Archive for December, 2011

My Name is Bruce

2007, US, Directed by Bruce Campbell

Colour, Running Time: 84 minutes

Review Source: Blu-ray, Region B, Anchor Bay; Video: 1.78:1 1080p 24fps, Audio: DTS HD MA

(Review also over at the new Grim Cellar) Bruce Campbell is a B movie loser whose career has been on a downward spiral now for several years (this is the plot of the film by the way, not a biographical summary!) and his current project, Cave Alien 2, shows now sign of turning things around. A few states away in the backwoods town of Goldlick, a group of foolish teenagers steal a relic from a Chinese cemetery, unleashing Samurai demon Guan, who predictably reaps bloody havoc on passers-by.
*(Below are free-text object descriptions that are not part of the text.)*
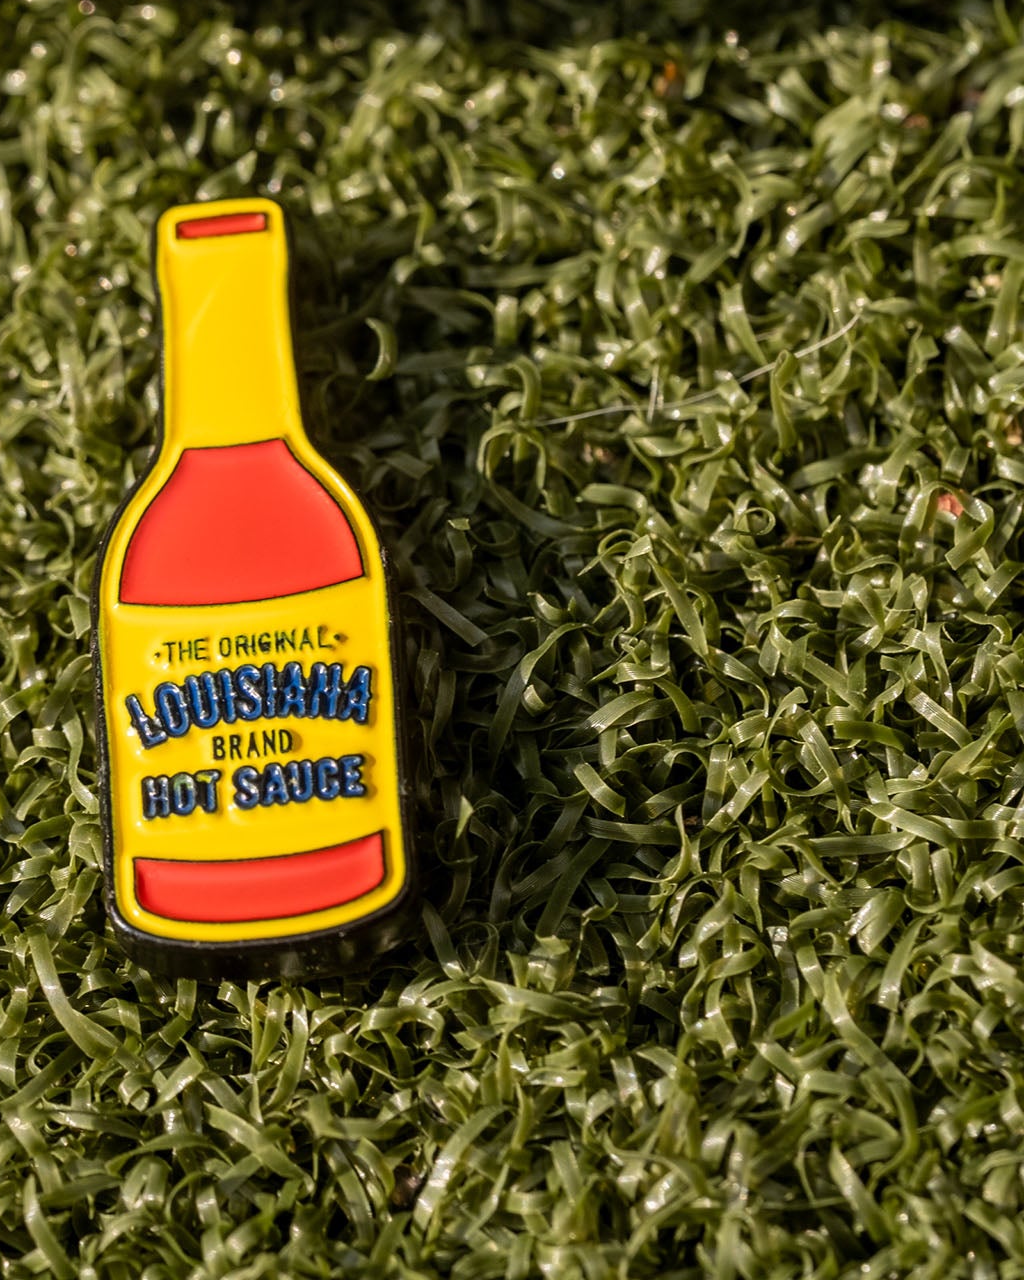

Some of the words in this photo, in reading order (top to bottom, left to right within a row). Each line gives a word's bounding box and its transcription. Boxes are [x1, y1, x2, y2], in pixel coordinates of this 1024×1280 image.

[126, 662, 372, 749] LOUISIANA
[212, 729, 294, 761] BRAND
[141, 769, 222, 820] HOT
[233, 754, 367, 810] SAUCE
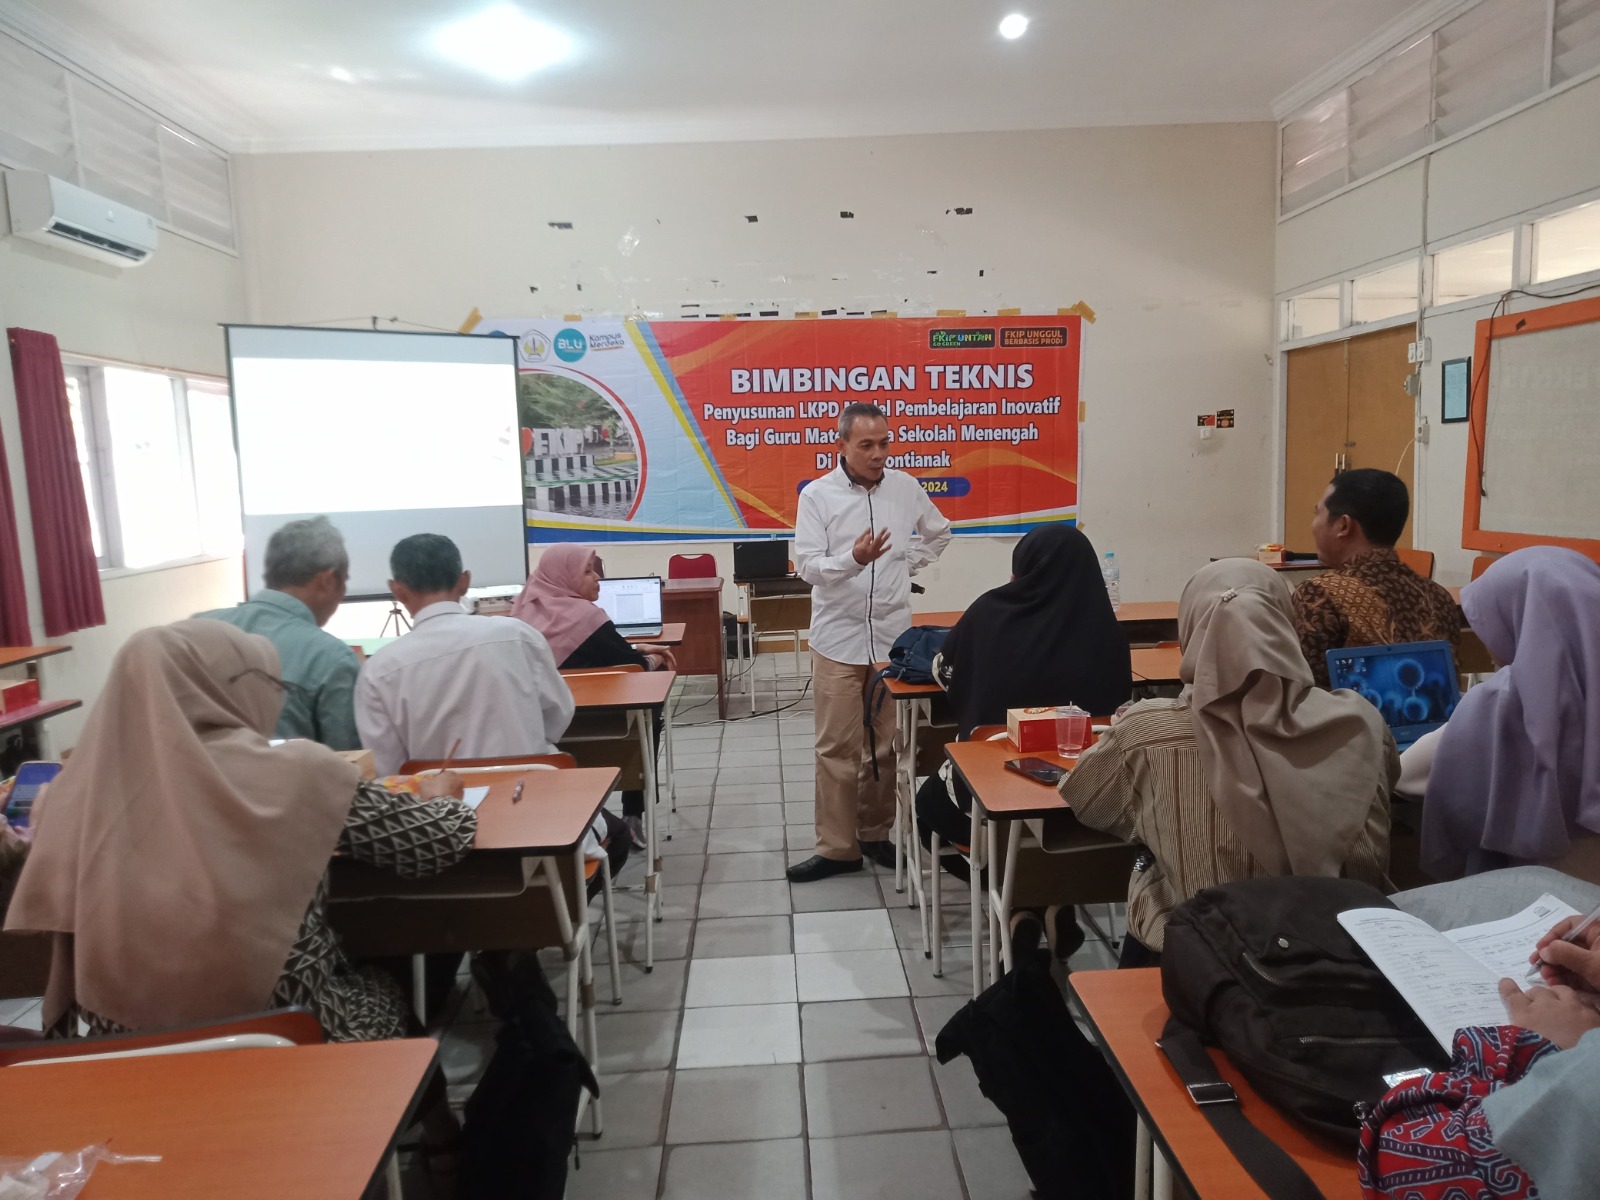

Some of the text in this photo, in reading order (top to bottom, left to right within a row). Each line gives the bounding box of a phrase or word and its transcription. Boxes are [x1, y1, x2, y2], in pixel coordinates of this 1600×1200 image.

[932, 333, 992, 342] FKIP UNTAN
[1005, 330, 1063, 338] FKIP UNGGUL
[557, 338, 583, 349] BLU
[1040, 337, 1063, 345] PRODI
[730, 363, 1035, 394] BIMBINGAN TEKNIS
[703, 403, 795, 425] Penyusunan
[799, 401, 840, 418] LKPD
[895, 398, 997, 420] Pembelajaran
[1001, 396, 1062, 415] Inovatif
[726, 428, 760, 450] Bagi
[764, 428, 801, 445] Guru
[898, 424, 957, 442] Sekolah
[960, 422, 1039, 445] Menengah
[816, 452, 832, 469] Di
[885, 450, 951, 468] ontianak
[921, 481, 949, 493] 2024
Campbell’s biggest fan - one of the aforementioned teenagers - sees no other option but to kidnap the fading actor so that the once-chainsaw wielding superstar can put the ugly demon back in its grave. Of course, Campbell, once released from the teen’s car boot, initially thinks this is a birthday present set-up courtesy of his producer and heads off into battle, before making a sharp about-turn and heading with haste in the other direction when he realises what he’s really been brought up against.
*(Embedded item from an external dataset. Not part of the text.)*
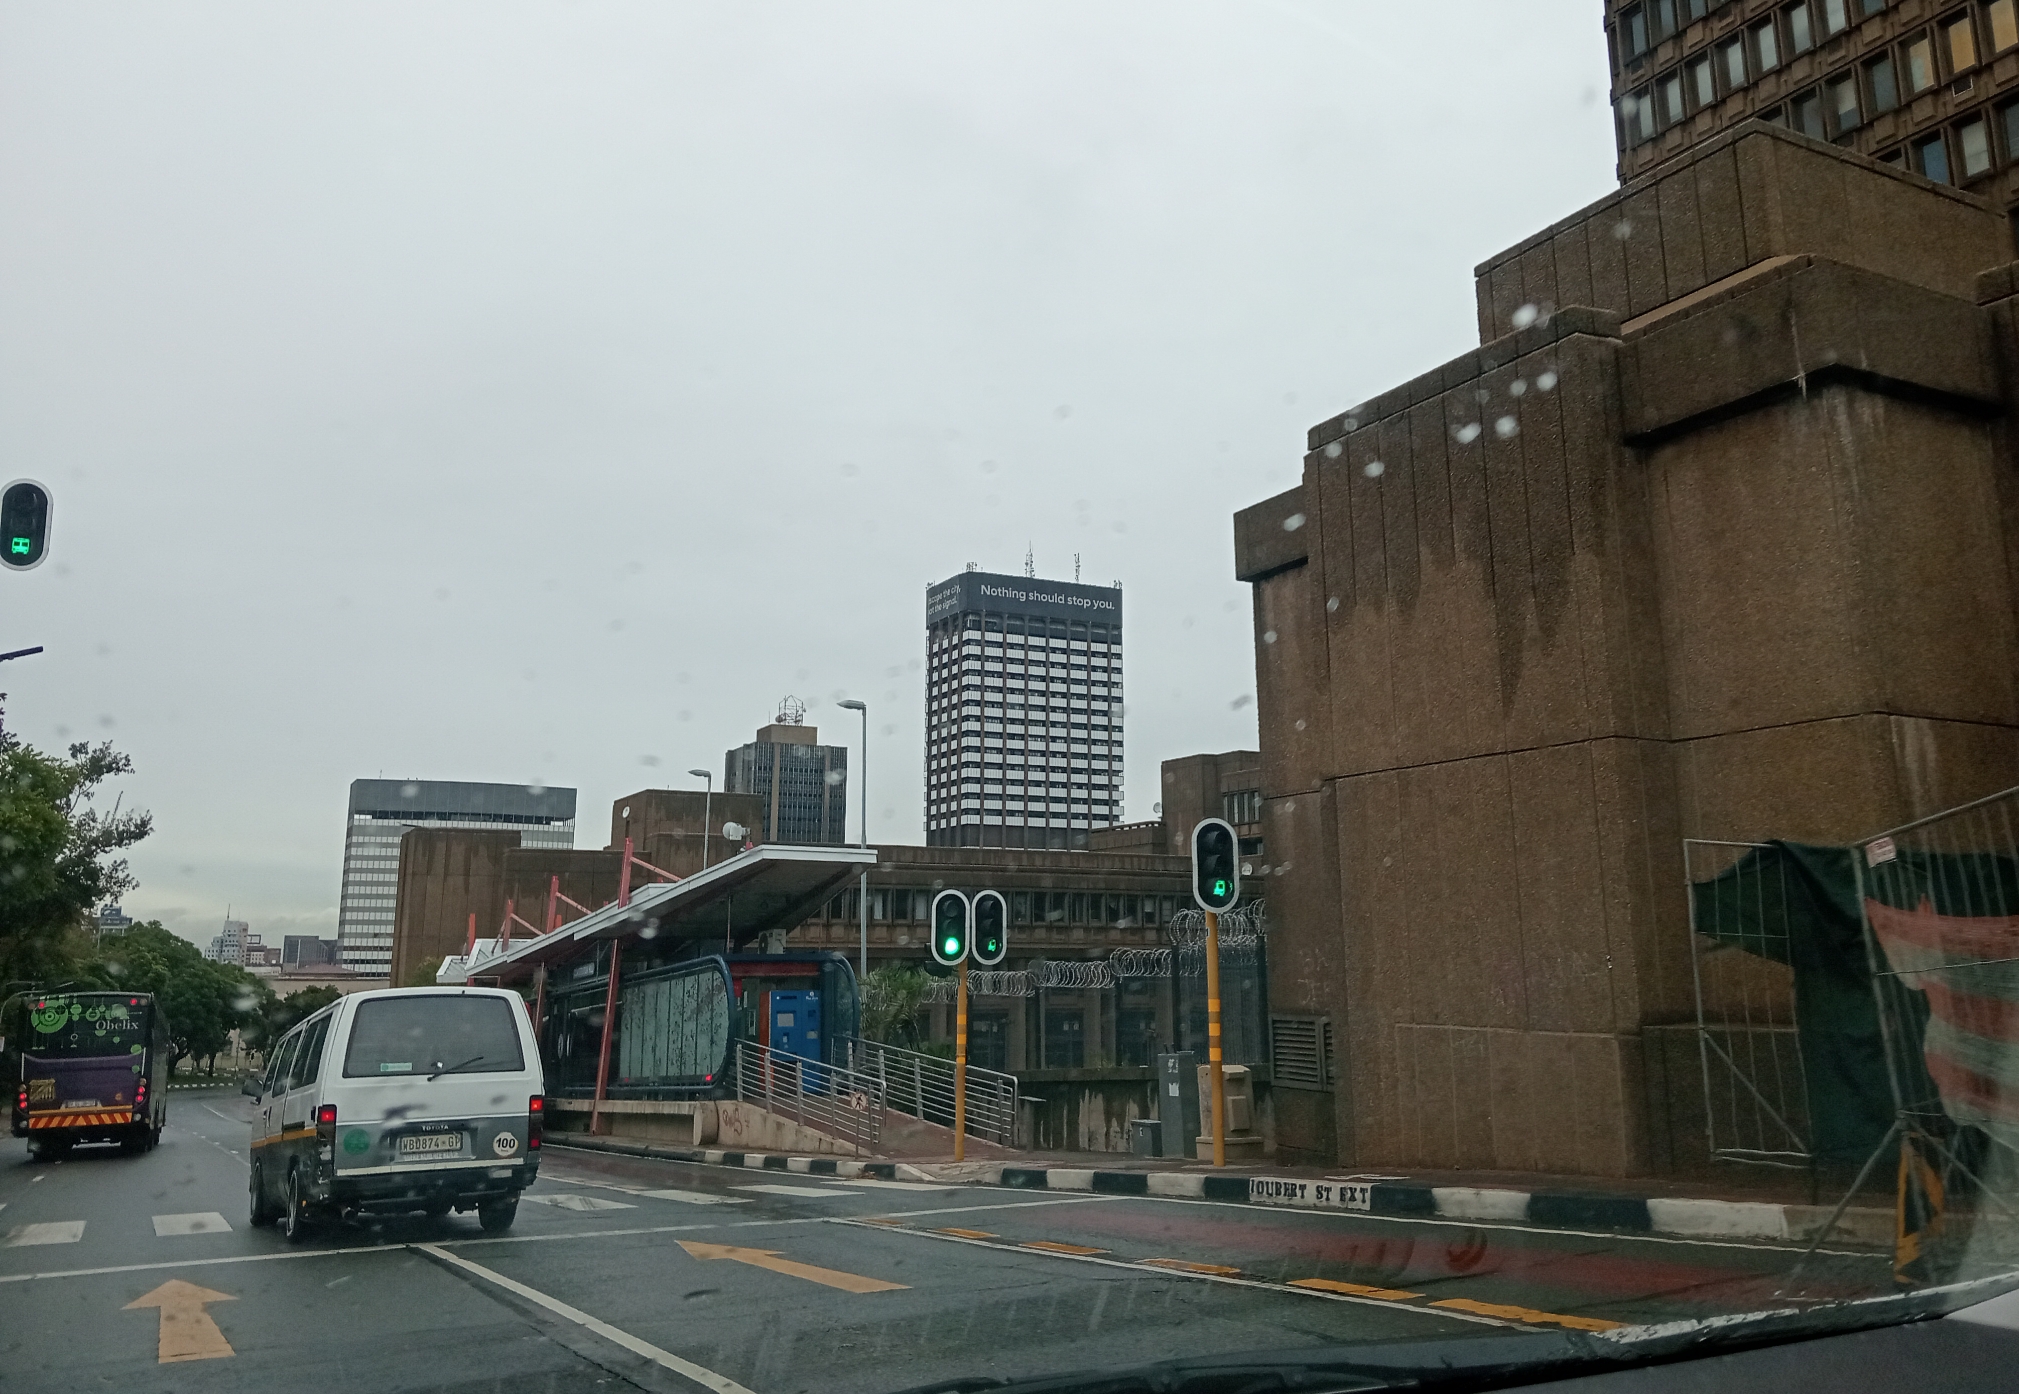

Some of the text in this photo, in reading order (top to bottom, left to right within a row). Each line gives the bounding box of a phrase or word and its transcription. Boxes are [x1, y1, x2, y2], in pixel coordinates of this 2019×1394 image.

Lots of ideas from writer Mark Verheiden (Timecop, The Mask) are thrown into the mix to create a self-referential satire of Bruce Campbell himself, the actor (and director/producer here) willfully playing along. The problem for me is that, while I think they could work if handled by a more appropriately skilled crew, the jokes largely fall flat. Campbell is portrayed as a pretty repulsive person and despite this factor eventually serving the purpose of outlining the character arc that he follows (i.e. he gradually realises what his faults are and makes amends to win the day), he’s probably not the kind of person most of the audience can (or would want to) identify with and therefore it’s hard to enjoy what’s going on around/to him. I personally think it would have worked better if he was a bummed out B movie actor, albeit a fairly nice guy (à la a Ben Stiller type of character) and someone who you would at least sympathise with. Looking around at the opinions of others online, it seems I’m not necessarily in the majority but for me this film became a chore to sit through - the worst kind of movie: a comedy that’s not funny - and I found myself actually getting a little irritated by Bruce; something that I’ve not experienced before watching any of his other movies. One of those movies that’s probably either going to work for you or it isn’t.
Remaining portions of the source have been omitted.